In the ideal system, metadata is never altered between leaving the publisher and reaching the retailers, represented by the clean lines above, while information is shared both ways between partners. But metadata is messy; the figure below shows how it actually works. What were once two-way arrows are now one-way arrows, and the red arrows show where metadata is being modified downstream (BISG 2013).

 (Reproduced with permission from BISG 2013; adapted by author)
(Reproduced with permission from BISG 2013; adapted by author)

In metadata’s flow through the information spectrum, many hands and systems touch it, and it is hard to tell where problems originate; it is created or altered by other parties in the publishing ecosystem for their own needs. Yankee Book Peddler (YBP), for example, has long relied on their own subject experts to catalog and codify metadata from final, printed books to meet the demands of their academic library customers.

The Rise of Metadata

In the fourteenth and fifteenth centuries, before Gutenberg’s invention of movable type that led to the birth of printed books, producers and collectors of manuscripts kept catalogs of their treasures as books became a part of international trade. In the early age of print, libraries, collectors, and book dealers managed their inventories in correspondence and account books; the Frankfurt Book Fair emerged by 1475 as an important trading place for books. In the early sixteenth century, the development of the book trade led to the rise of printer’s guilds and to the creation of standards, such as the book’s title page; all of these factors led to the creation of metadata although it wasn’t yet referred to by that name (Pettegree 2010, 18, 39, 66, 79). Kwakkel (2014) compares the use of shelfmark systems within medieval manuscripts, catalogs, and even “handheld devices” used to locate volumes, often chained and placed on lecterns in the medieval monastic library, to a modern GPS device. The term “metadata” was coined by Bagley (1968) in advancing concepts in computer programming languages. Metadata has been standardized, codified, and indexed primarily by information professionals for at least the last hundred years; while this process has accelerated in the information age, metadata is no longer the sole purveyance of publishers and librarians alone (Gilliland 2008, 1). User-created metadata has exploded through social-bookmarks, reviews on Amazon and Goodreads, and in tags on LibraryThing, among others.

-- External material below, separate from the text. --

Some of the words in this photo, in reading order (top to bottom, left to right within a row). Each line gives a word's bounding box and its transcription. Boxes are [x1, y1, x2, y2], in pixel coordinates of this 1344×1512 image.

(Source: Google Ngram viewer, https://books.google.com/ngrams)
(Source: Google Ngram viewer, https://books.google.com/ngrams)

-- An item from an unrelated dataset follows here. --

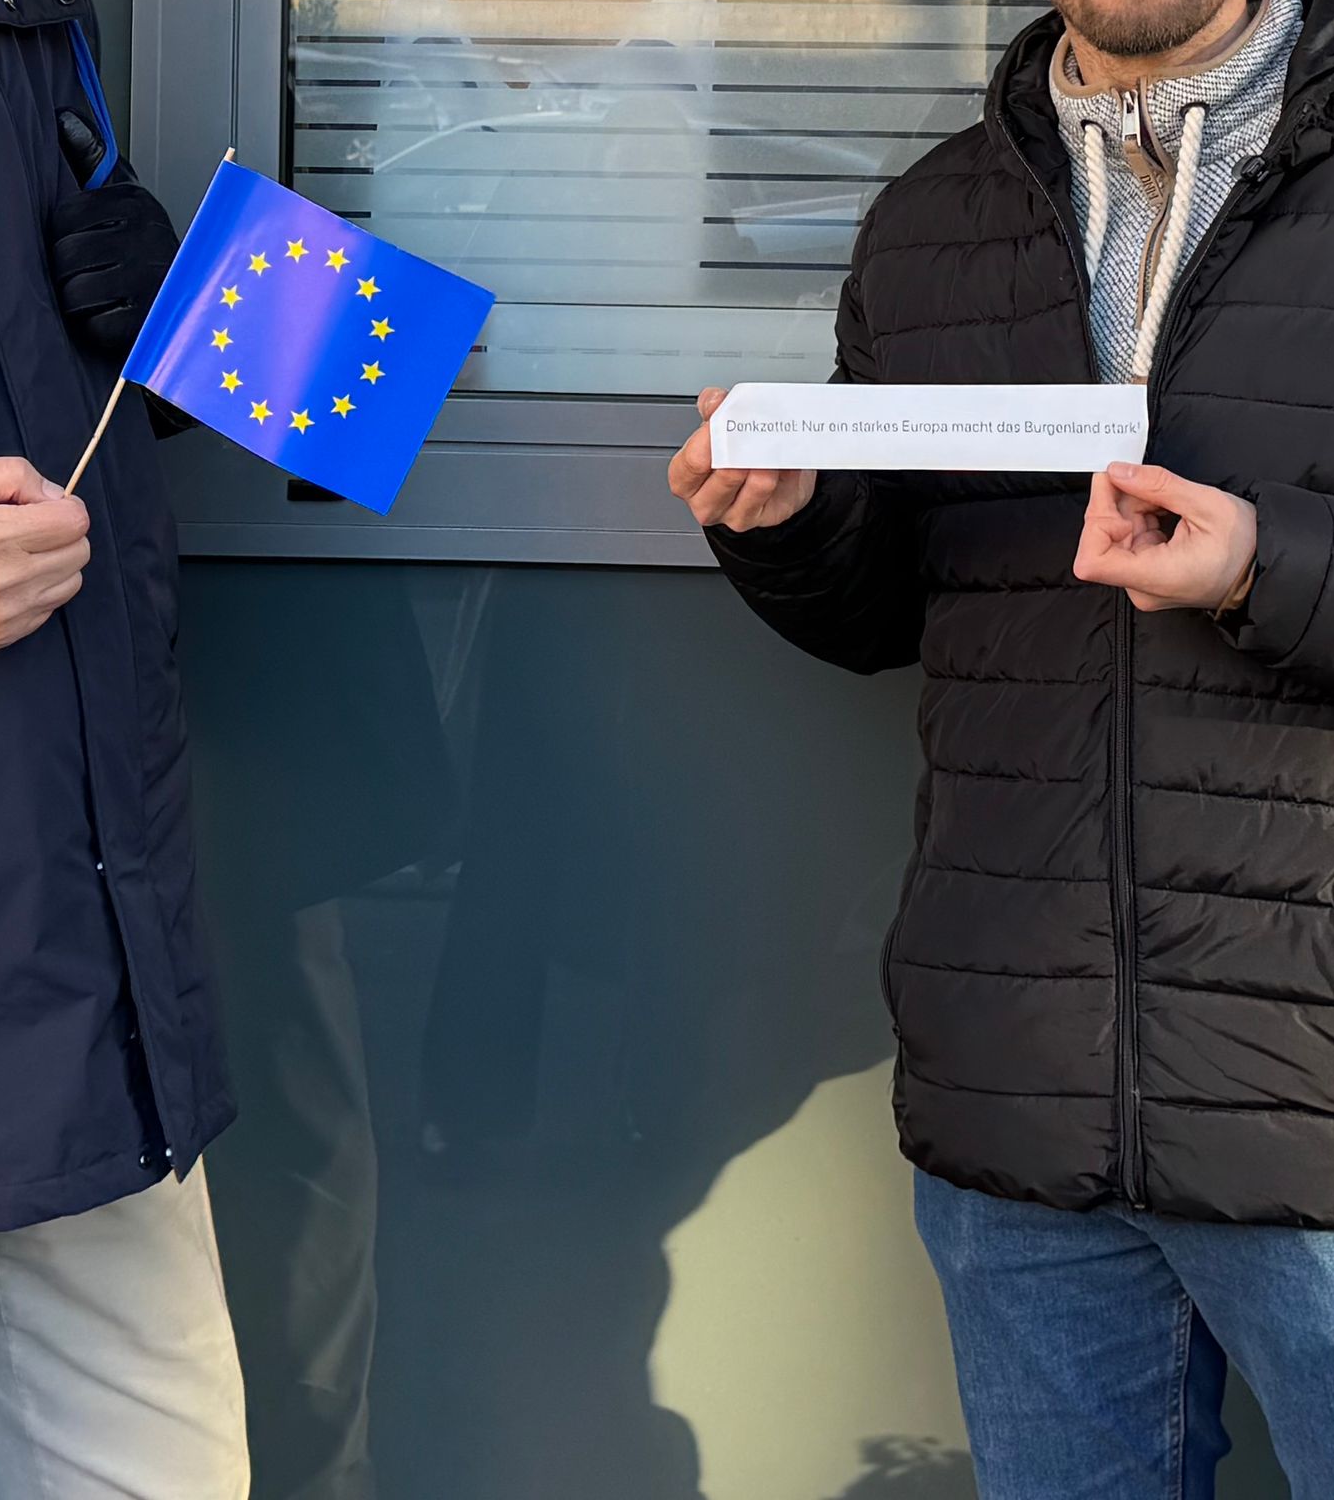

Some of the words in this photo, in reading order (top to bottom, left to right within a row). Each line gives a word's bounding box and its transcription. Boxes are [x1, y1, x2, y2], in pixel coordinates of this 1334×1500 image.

Google’s Ngram viewer allows researchers to search keywords or short phrases (ngrams) and visualize data on the usage of these terms and phrases over time, from the corpus of titles in Google’s book digitization project. The image above shows the rise in the term metadata mentioned within books in the English language from 1960 to 2008. The Ngram database itself presented considerable metadata challenges. Google digitized 15 million books out of 130 million titles published since the late 15th century; five million of these digitized books were selected for the Ngram database, a subset comprising roughly 4% of all published books from the period and totaling 361 billion words in the English language alone (Michel et al. 2011a, 176). Compiling metadata from thousands of sources, including library catalogs, retailer and wholesaler databases, and publisher submissions, Google discovered that many of the sources, not surprisingly, were riddled with errors or inconsistencies, requiring extensive clean up efforts (Aiden and Michel 2013, 83; Michel et al. 2011b, 3–17). Meanwhile, an opposite discovery problem was required from the Ngram—a prerequisite to not display or provide title-specific bibliographic data due to uncertain legal issues around copyright (Aiden and Michel 2013, 85).

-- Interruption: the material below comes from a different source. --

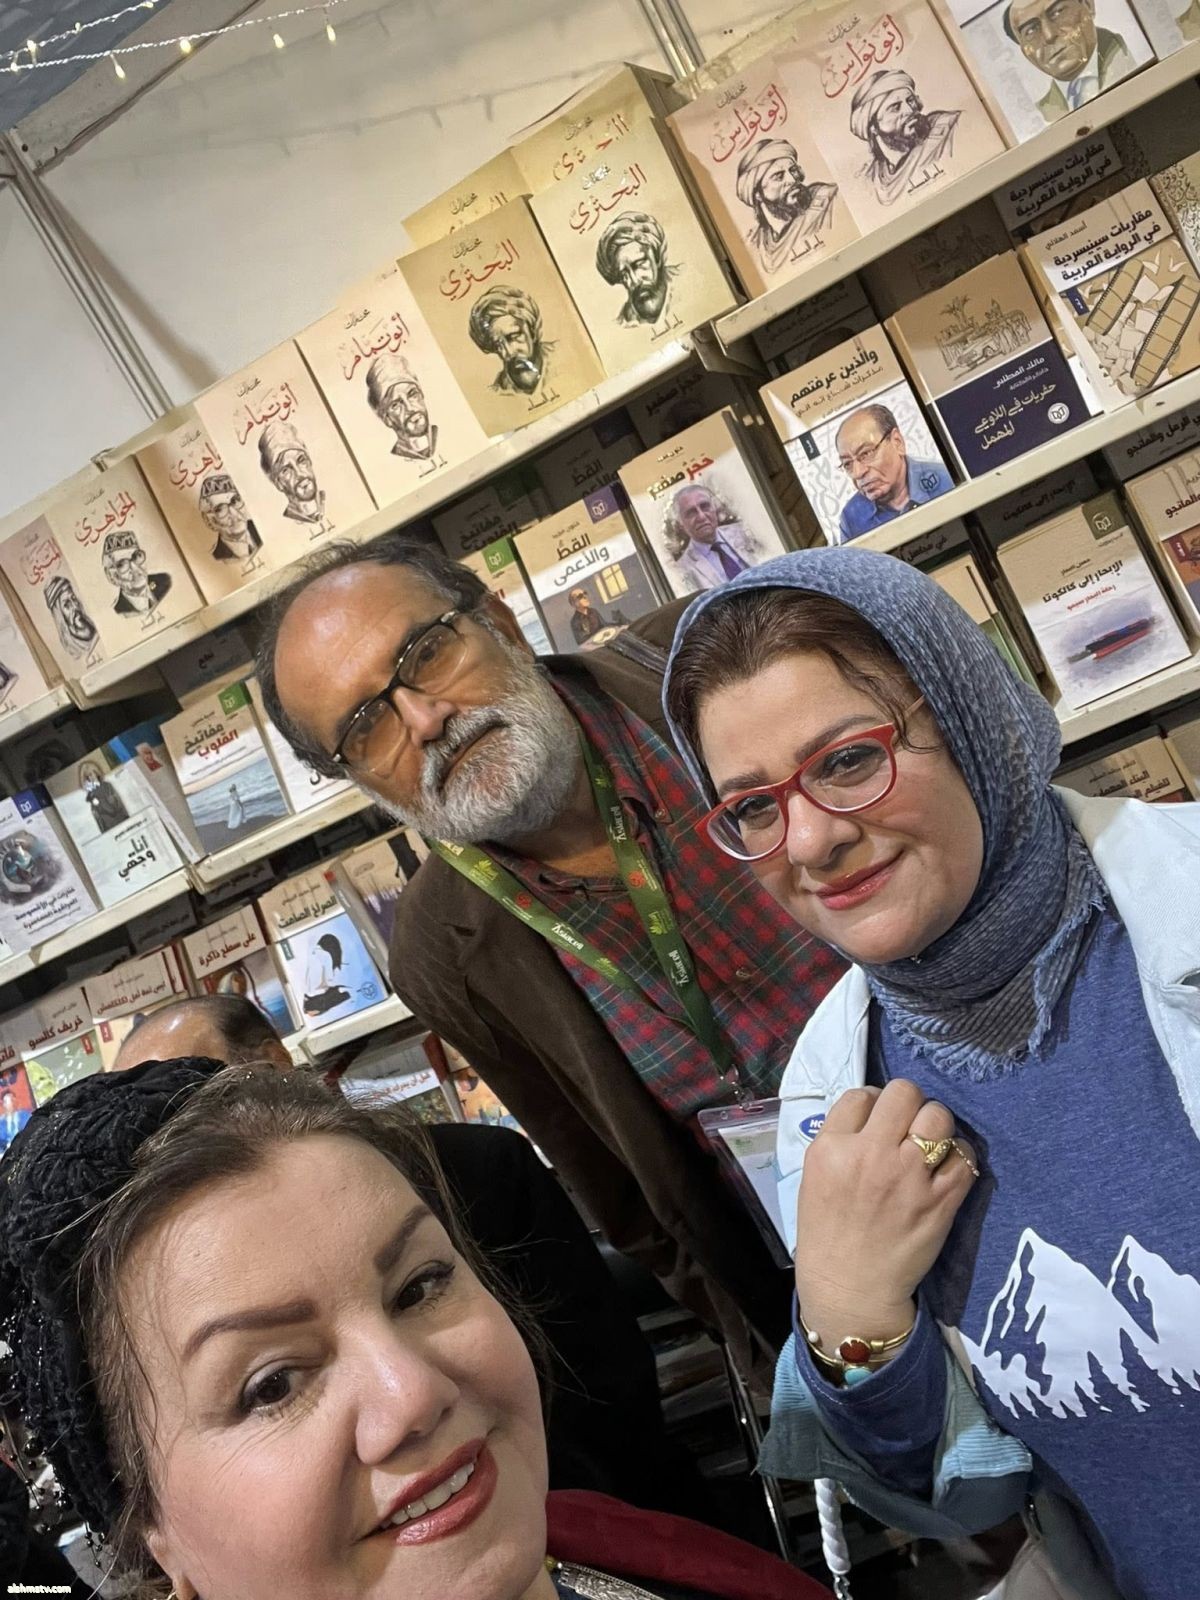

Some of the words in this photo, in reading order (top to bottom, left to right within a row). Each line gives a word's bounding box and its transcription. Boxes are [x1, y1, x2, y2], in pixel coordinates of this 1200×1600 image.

When Amazon set out to catalog and offer for sale the world’s largest selection of books in 1995, the nascent online retailer underestimated the bibliographic issues; describing books in an online commercial environment was more difficult than anticipated. At the time, publishers and distributors utilized a supply-chain approach to metadata, at least in electronic form (excluding printed catalogs and brochures): fixed, limited fields, truncated titles, ISBNs that were often unreliable, and a lack of cover images was the norm. Quickly discovering that cover images were a key component to maximizing sales, and realizing that most publishers were unable to supply them, Amazon devoted resources to swiftly scan covers, with the implicit or explicit blessing of publishers, for online display. Ingram and Baker & Taylor also began to expand their metadata efforts, but by 1999, it was clear that there were significant shortcomings. Incomplete and inaccurate metadata as well as conflicting requirements took their toll on emerging e-commerce (C. Aden 2014).

Carol Risher, then-Vice President for Copyright and New Technology at the Association of American Publishers (AAP), brought key players together in an unprecedented meeting, in July 1999; it included more than sixty publishers, online booksellers, wholesalers, and other key stakeholders. She may have been motivated, at least in part, by complaints about publisher metadata from her stepson David Risher, who at the time was Senior Vice President and General Manager at Amazon. As a result of that meeting, AAP led a fast-track project that resulted in the development of the first version of ONIX in January 2000, a new standard that enabled publishers to supply “rich” product information to Internet booksellers (Hilts 2000). Cindy Aden, then-surnamed Cunningham, represented Amazon on the project committee. Aden notes that this coming together of publishers and retailers was momentous, as archrival retailers like Barnes & Noble and Amazon agreed it was better to compete on factors like price or availability instead of vying over basic metadata (C. Aden 2014).

ONIX—ONline Information Exchange—is a standard for representing book, serial, and video product information in electronic form. ONIX feeds are sent to book industry trading partners, including wholesalers (Ingram, Baker & Taylor); online retailers (Amazon, Powells); retail chains (Barnes & Noble); and databases (Library of Congress, Bowker Books in Print, Serials Solutions, OCLC/WorldCat). Enriched ONIX data can include hundreds of fields of data such as description, rights information, and reviews. EDItEUR, jointly with Book Industry Communication (BIC, based in UK) and Book Industry Study Group (BISG, based in US), maintain the ONIX standard in cooperation with industry stakeholders.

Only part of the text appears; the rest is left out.